Task goal = When you copy the material below, keep every line exact and drop the pictures.

***** Input data *****

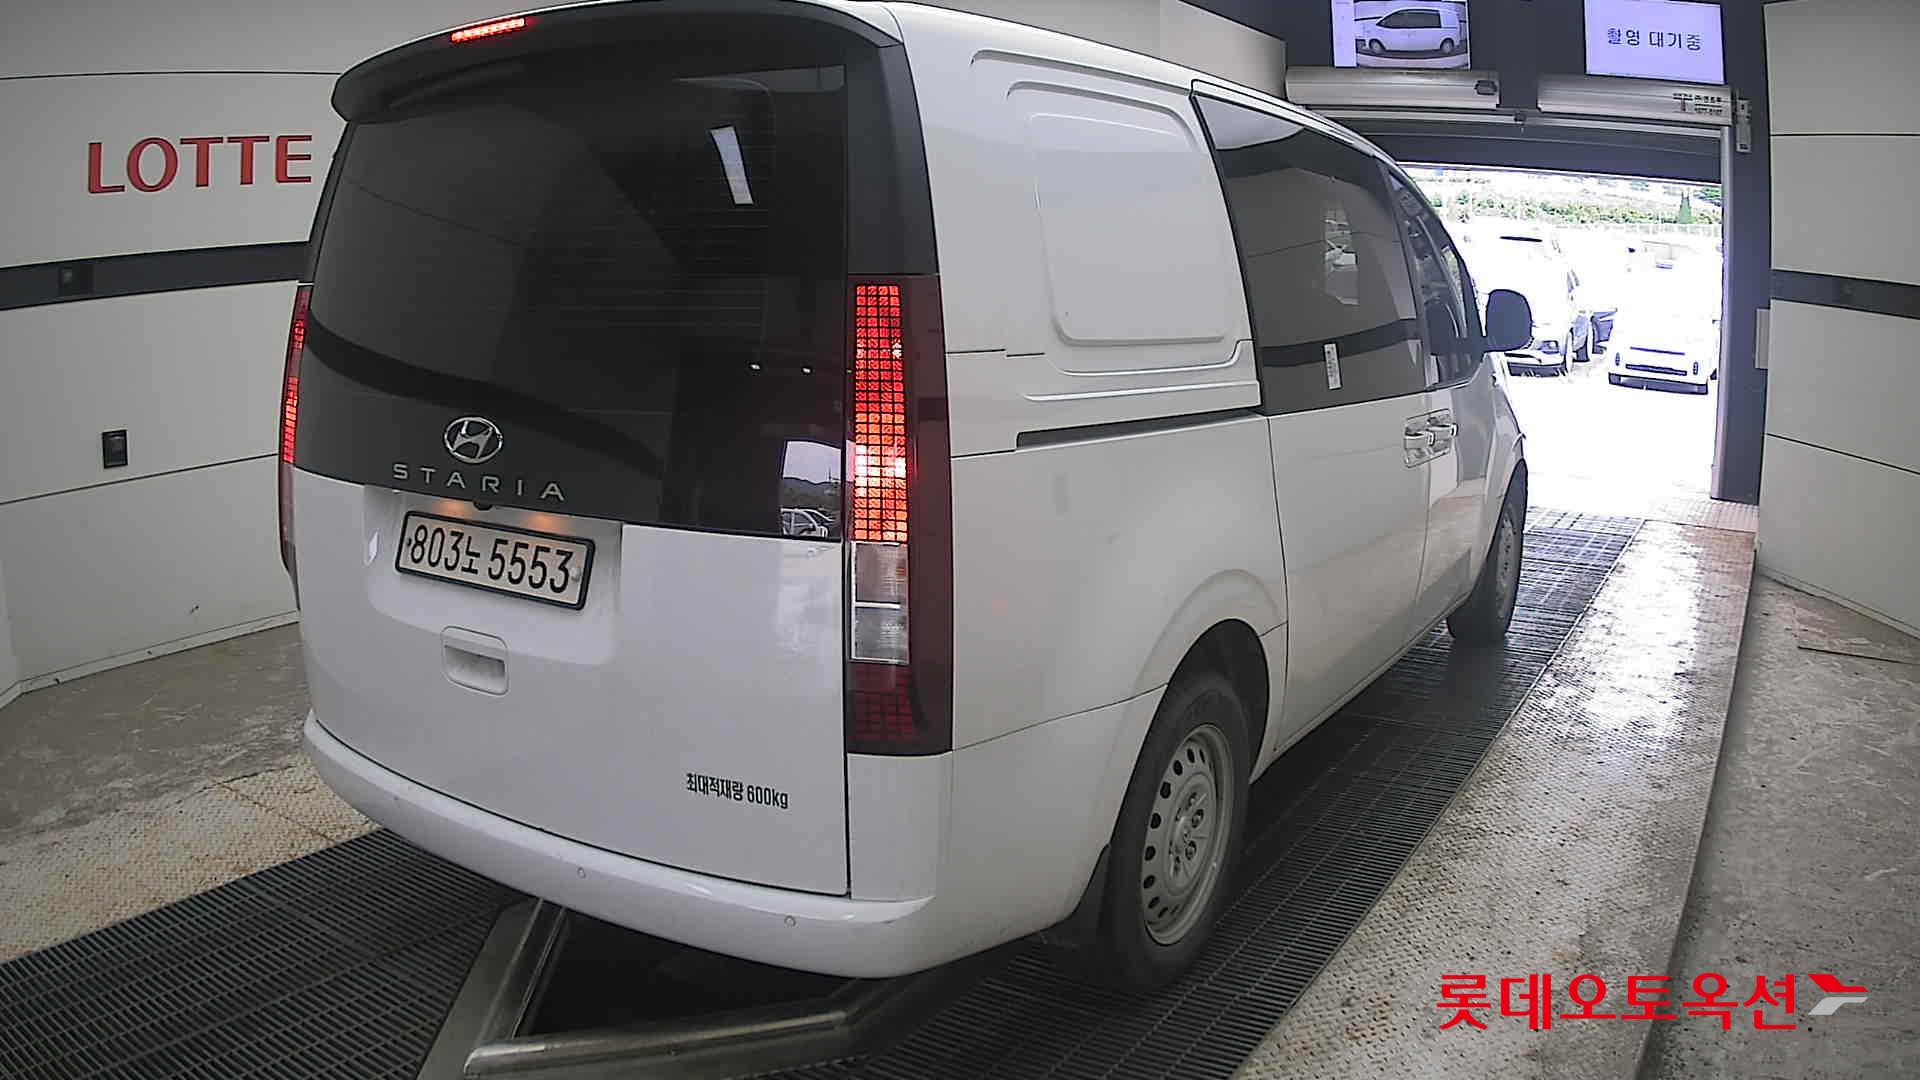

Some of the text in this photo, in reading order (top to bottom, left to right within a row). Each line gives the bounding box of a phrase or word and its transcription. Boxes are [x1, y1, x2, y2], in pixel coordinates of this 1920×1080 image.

[88, 135, 313, 194] LOTTE
[393, 463, 565, 501] STARIA
[487, 538, 574, 593] 5553
[686, 772, 789, 809] 최대적재량 600kg
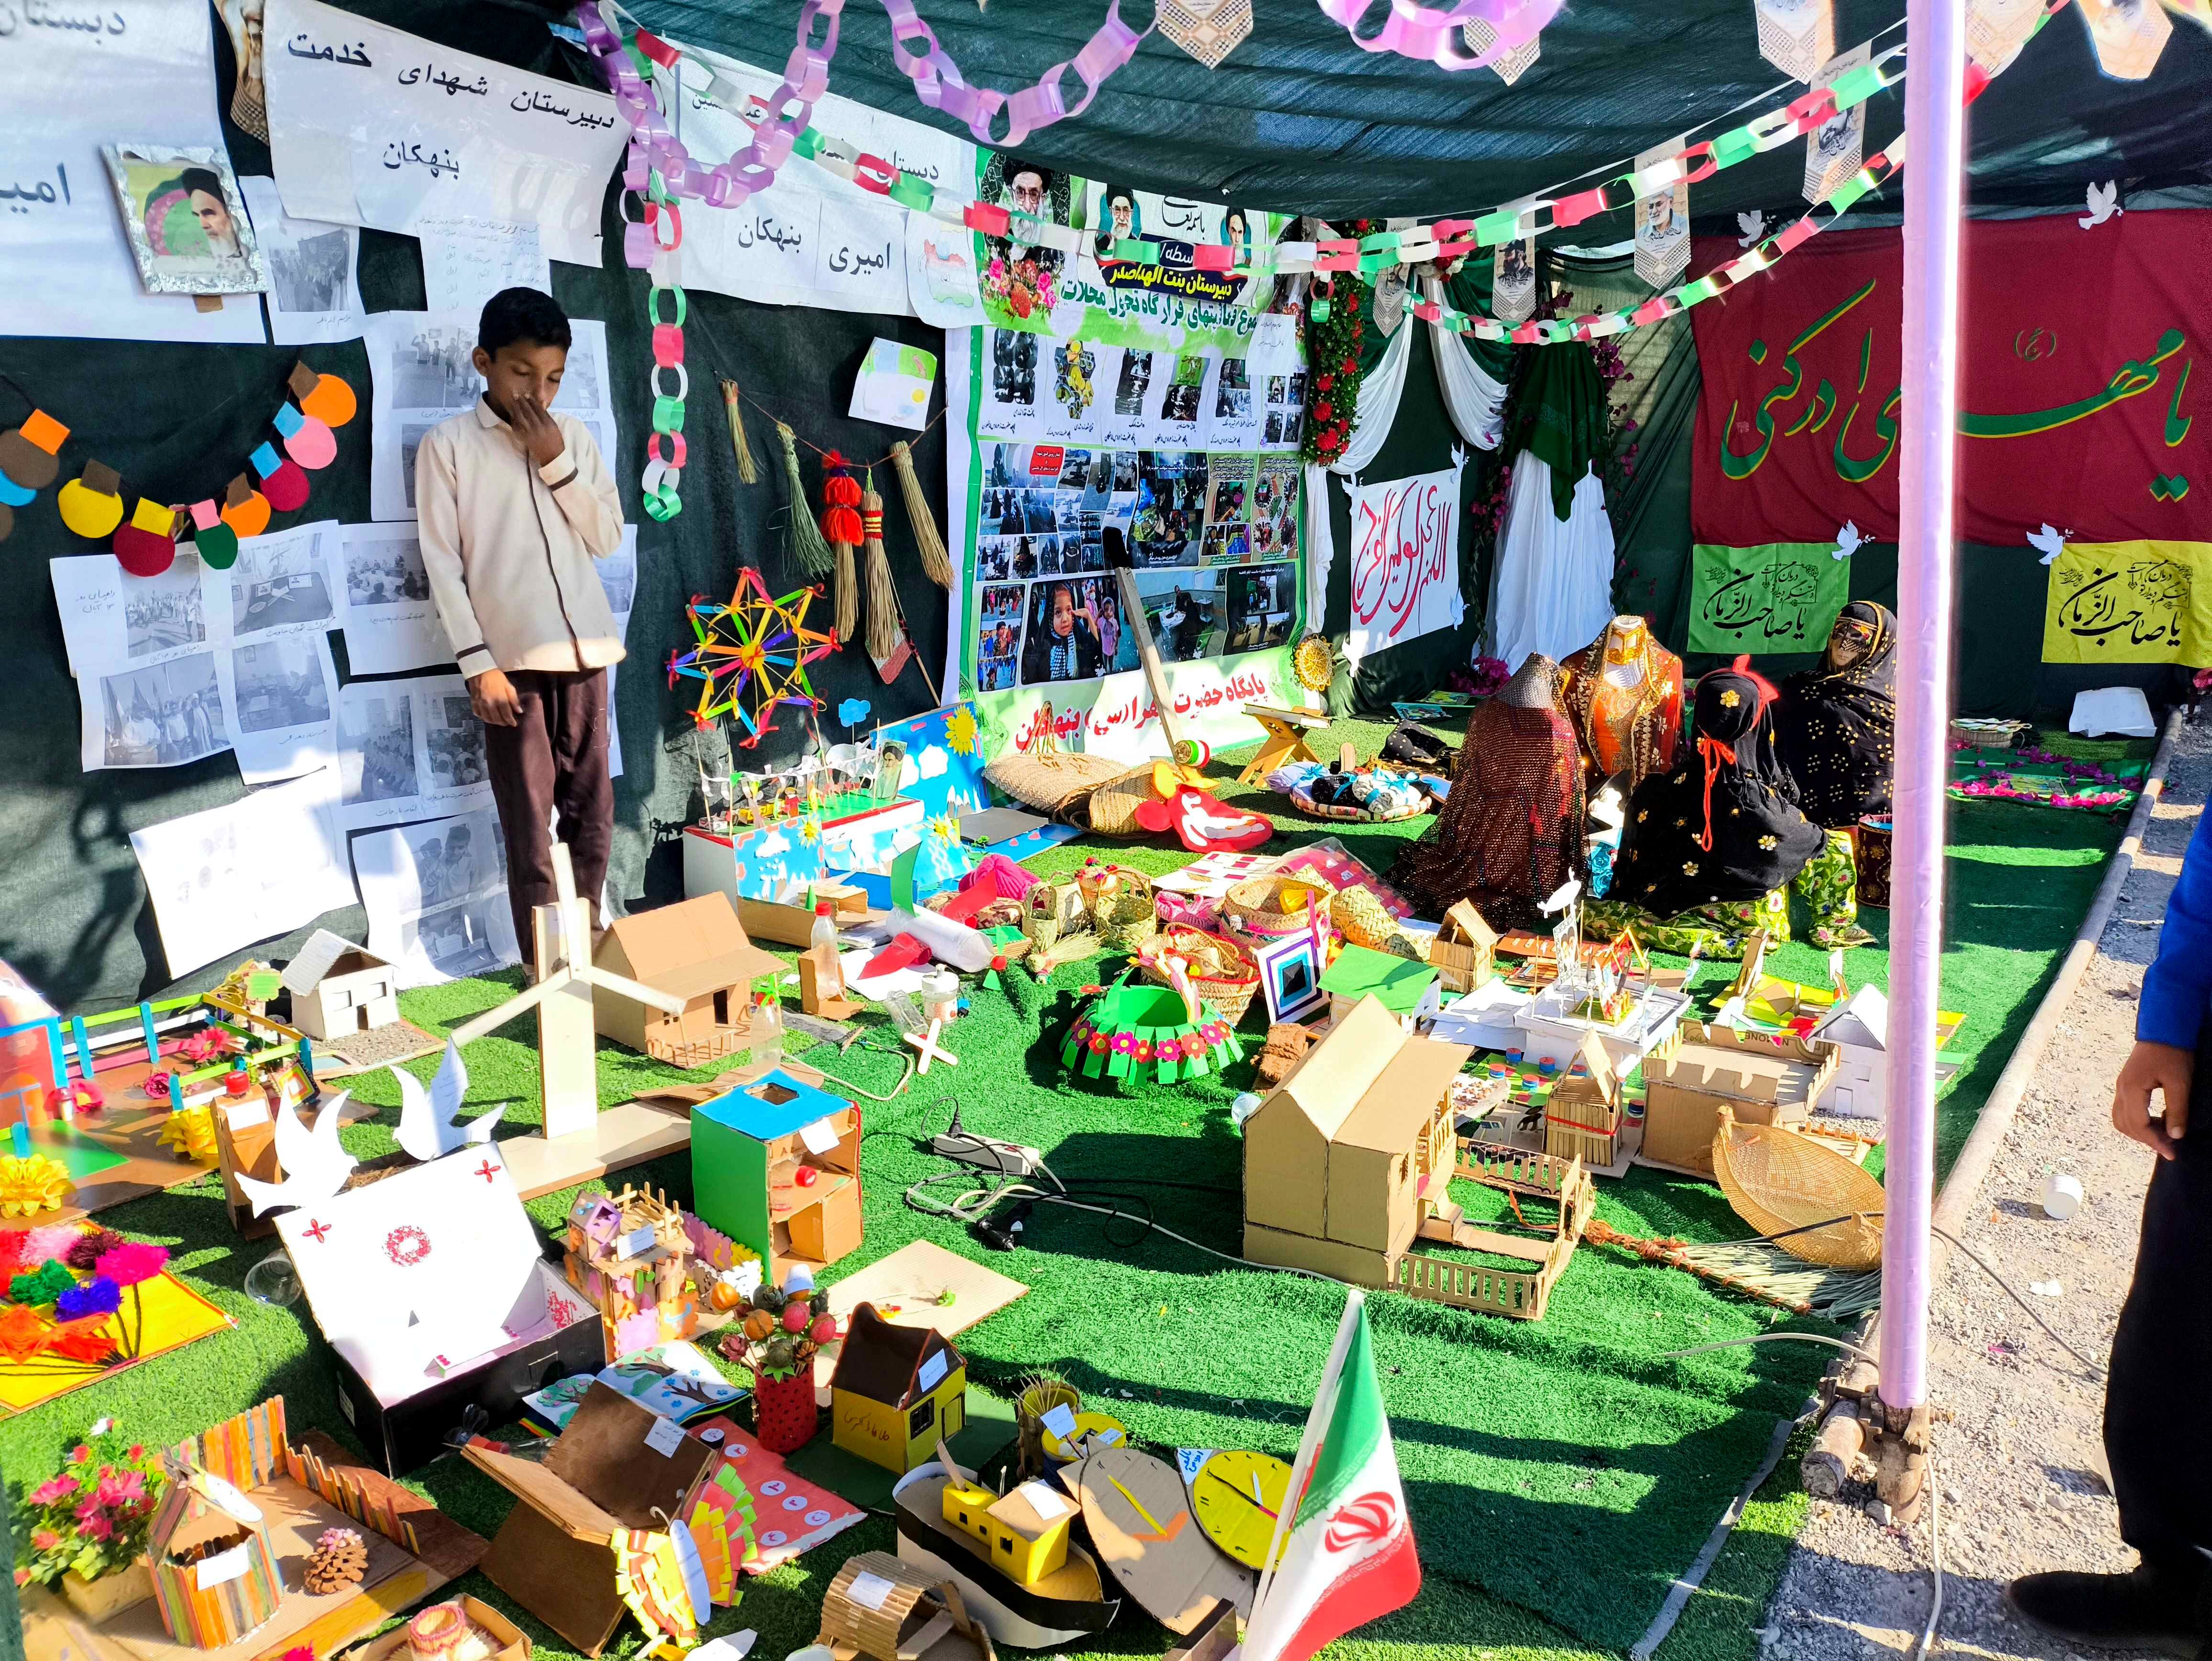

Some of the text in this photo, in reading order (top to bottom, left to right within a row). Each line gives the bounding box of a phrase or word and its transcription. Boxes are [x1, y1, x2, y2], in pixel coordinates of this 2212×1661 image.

*****

Exercise response =
Some of the text in this photo, in reading order (top to bottom, left to right within a row). Each line gives the bounding box of a phrase or word and its transcription. Boxes are [x1, y1, x2, y2], in pixel coordinates of this 1920×1080 image.

[88, 135, 313, 194] LOTTE
[393, 463, 565, 501] STARIA
[487, 538, 574, 593] 5553
[686, 772, 789, 809] 최대적재량 600kg

Some of the text in this photo, in reading order (top to bottom, left to right within a row). Each line gives the bounding box of a phrase or word and its transcription. Boxes are [x1, y1, x2, y2], in pixel coordinates of this 2212×1661 image.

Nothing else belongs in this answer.